Normalization (RMSNorm)

The Problem

As data flows through layers of linear transformations, the numbers can drift — becoming very large or very small. This causes two problems:

  1. Exploding values: Numbers get so large that \(e^x\) overflows → training crashes
  2. Vanishing values: Numbers get so small that they're effectively zero → model stops learning

We need a way to keep the numbers "well-behaved."

RMS Normalization

microgpt.py uses RMSNorm (Root Mean Square Normalization), a simplified version of the more common LayerNorm.

The Formula

\[\text{RMSNorm}(\mathbf{x}) = \frac{\mathbf{x}}{\text{RMS}(\mathbf{x})}\]
\[\text{where } \text{RMS}(\mathbf{x}) = \sqrt{\frac{x_0^2 + x_1^2 + \cdots + x_{n-1}^2}{n}}\]

In words: divide each element by the "average magnitude" of all elements.

Step by Step

Example: \(\mathbf{x} = [3.0, 4.0, 0.0]\)

Step Computation Result
1. Square each element \([9.0, 16.0, 0.0]\)
2. Mean of squares \((9.0 + 16.0 + 0.0) / 3\) \(8.333\)
3. Square root (RMS) \(\sqrt{8.333}\) \(2.887\)
4. Divide each by RMS \([3.0/2.887, 4.0/2.887, 0.0/2.887]\) \([1.039, 1.386, 0.0]\)
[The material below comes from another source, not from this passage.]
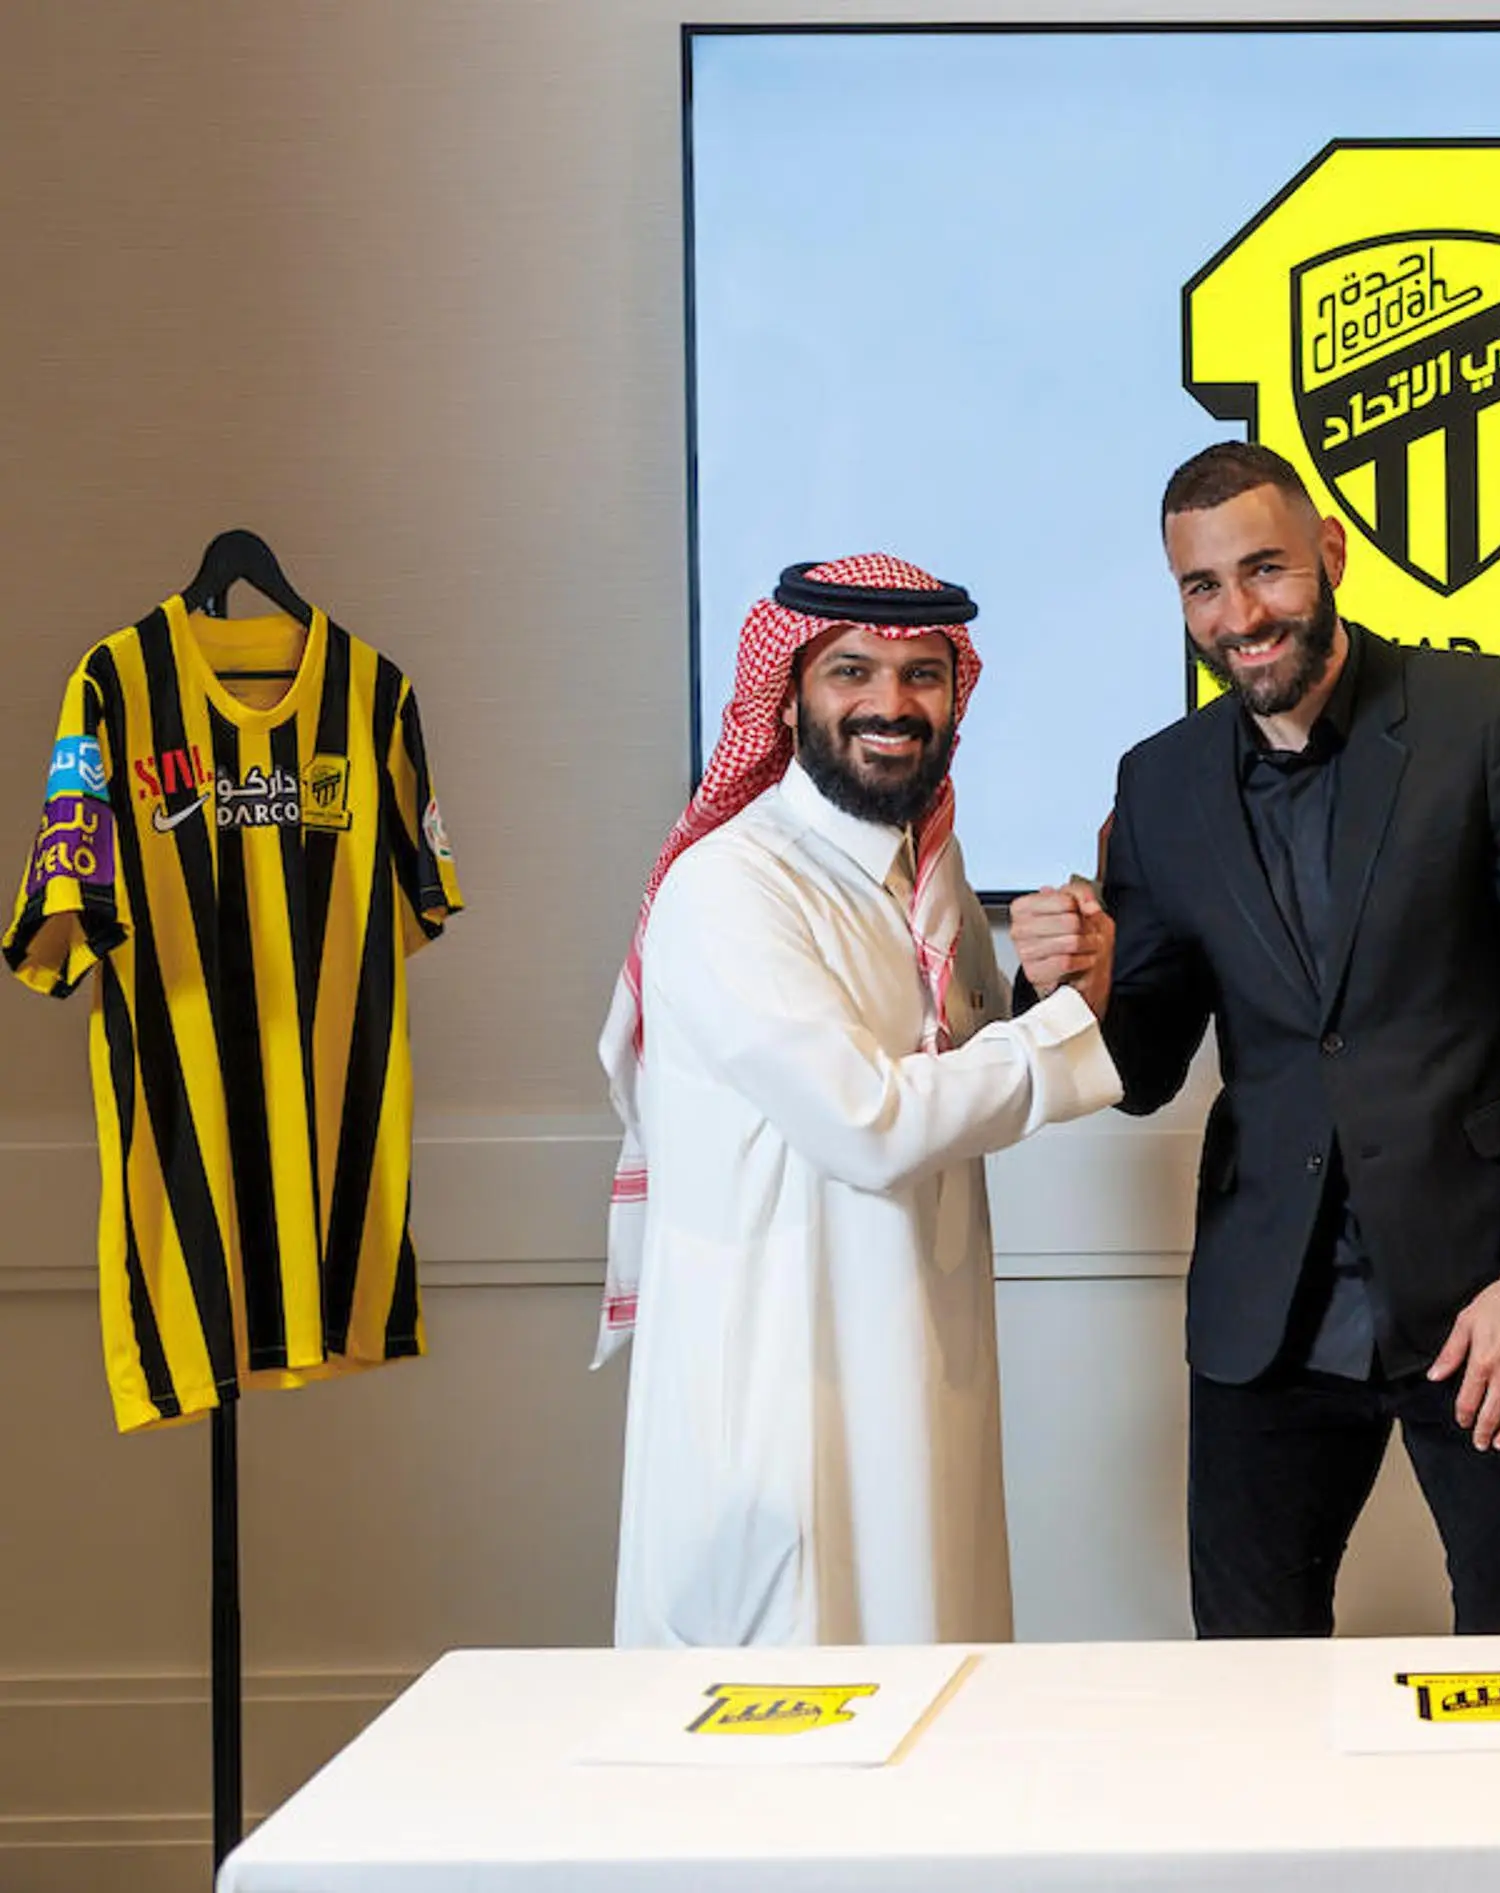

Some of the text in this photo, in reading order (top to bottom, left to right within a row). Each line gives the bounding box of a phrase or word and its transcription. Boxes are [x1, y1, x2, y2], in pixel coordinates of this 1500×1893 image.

[1321, 348, 1452, 452] الاتحاد
[216, 765, 299, 801] داركو
[216, 801, 300, 827] DARCO
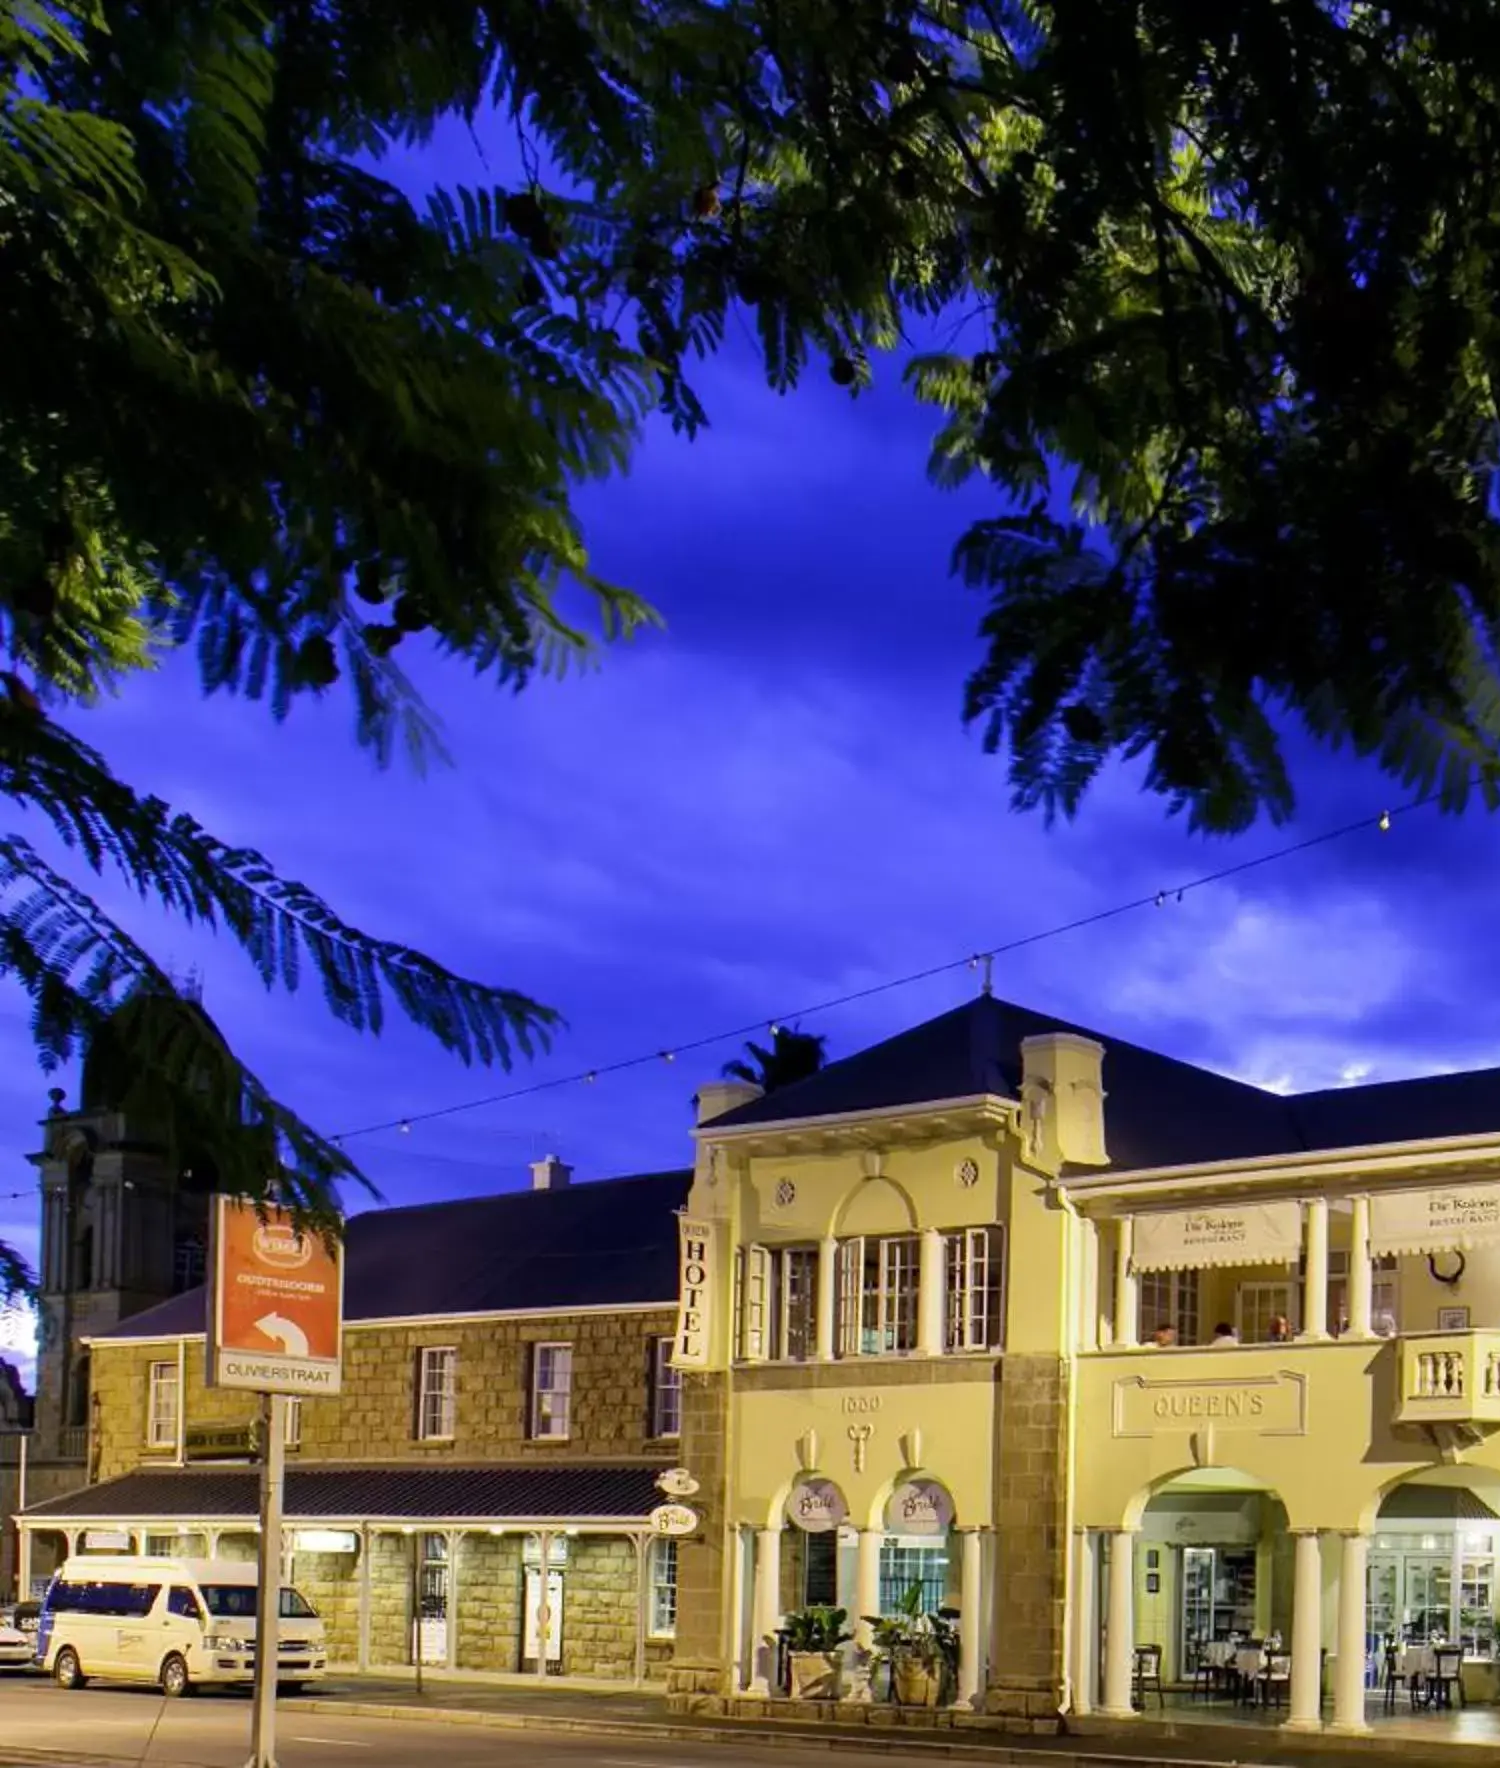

The values now have a consistent scale regardless of the original magnitudes.

The Code (Lines 103–106)

microgpt.py — Lines 103-106
def rmsnorm(x):
    ms = sum(xi * xi for xi in x) / len(x)
    scale = (ms + 1e-5) ** -0.5
    return [xi * scale for xi in x]
ms = sum(xi * xi for xi in x) / len(x)

Compute \(x_i^2\) for each element, sum them, divide by count. This is the "mean square" (MS in RMS).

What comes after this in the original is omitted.